The woman replies that she has often fantasized about a life consumed with such love. As she lays in bed at night she dreams of devoting herself to a life of selfless service, caring for the sick and the poor–washing their wounds. When she fantasizes about such a life she feels immense strength in herself–everything feels right in the world. If only she could take the plunge and devote herself to such a life!
But she can’t bring herself to do it. As she fantasizes about helping the poor, about washing the plague-ridden sores that cover their bodies, she imagines someone being ungrateful for her sacrifice. What if she helped someone and they did not immediately repay her selfless service with complete and utter thankfulness? What if someone took her acts of service for granted? This thought derails her–she can’t embark on this life of love-driven service because she can’t stand this imagined ingratitude.

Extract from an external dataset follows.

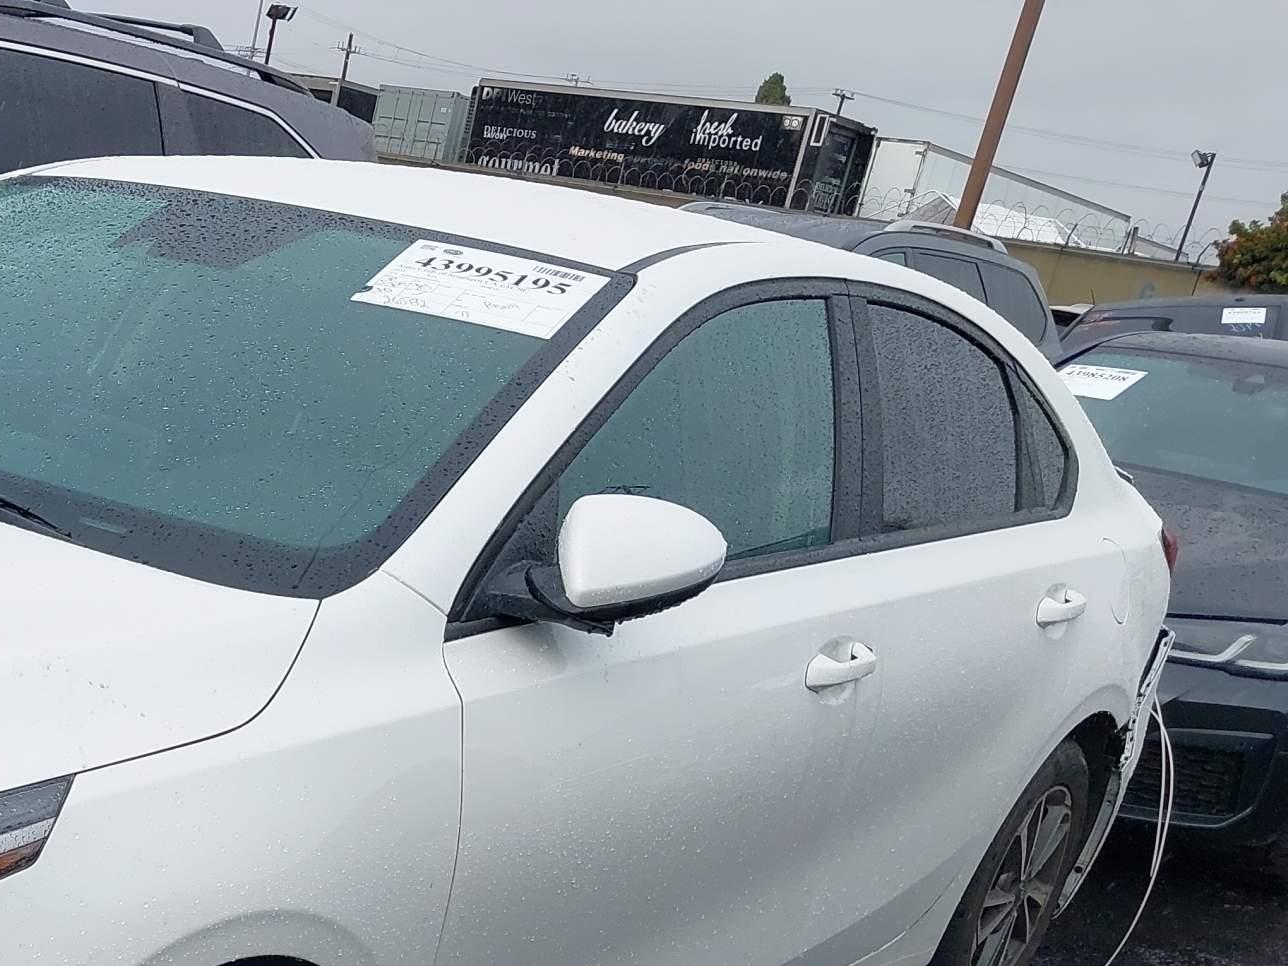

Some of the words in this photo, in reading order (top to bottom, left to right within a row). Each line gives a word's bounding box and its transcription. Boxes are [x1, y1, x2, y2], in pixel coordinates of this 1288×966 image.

Of course, this reveals that she is not really motivated by love–as the poet said, true love “does not keep a record of wrongs,” and that is exactly what this lady is doing, even before the fact!²
So what really holds this woman back from a life of active love? C.S. Lewis can help us answer this question–there is one vice that holds us back from sacrificial love–a vice I have struggled with mightily in my own life. Lewis says:
“There is one vice of which no man in the world is free; which everyone in the world loathes when he sees it in someone else; and of which hardly any people…ever imagine that they are guilty themselves. I have heard people admit that they are bad tempered, or that they cannot keep their heads about girls or drink, or even that they are cowards. I do not think I have ever heard anyone …accuse himself of this vice. And at the same time I have very seldom met anyone…who showed the slightest mercy to it in others. There is no fault which makes a man more unpopular, and no fault which we are more unconscious of in ourselves. And the more we have it ourselves, the more we dislike it in others. The vice I am talking of is Pride… and the virtue opposite to it… is called Humility.”³
Madame Khokhlakov is derailed from a life of active love by her pride. She just can’t imagine giving her life away in selfless love to others, only to have someone disrespect her sacrifice. Because of this pride she turns away from her dream. Zosmina recognizes this almost immediately. He tells her
“I am sorry that I cannot say anything more comforting, for active love is a harsh and fearful thing compared with love in dreams. Love in dreams thirsts for immediate action, quickly performed, and with everyone watching. Indeed, it will go as far as the giving even of one’s life, provided it does not take long but is soon over, as on stage, and everyone is looking on and praising. Whereas active love is a labor and perseverance.”⁴
“Active love is a harsh and fearful thing compared with love in dreams.” I told you at the beginning that I was going to tell you how to live a good life. This is the key–a life of active love. Not a life of love in dreams. Students, something magical happens when we devote our lives to loving others in an unselfish way…in a way that expects nothing in return. Paradoxically, pouring ourselves out for others fills us with joy, peace, and that feeling of wholeness we are all yearning for. Money will not do this for you. Achievement will not do this for you. Fame will not do this for you. Love alone (unhampered by pride) is the key to human flourishing and happiness.
- Henry David Thoreau, Walden and Civil Disobedience (New York: Penguin, 2017), 7.
- 1 Corinthians 13:5b.
- C.S. Lewis, Mere Christianity (New York: HarperOne, 1980), 121.
- Fyodor Dostoevsky, The Brothers Karamazov (New York: Farrar, Straus and Giroux, 1990), 58.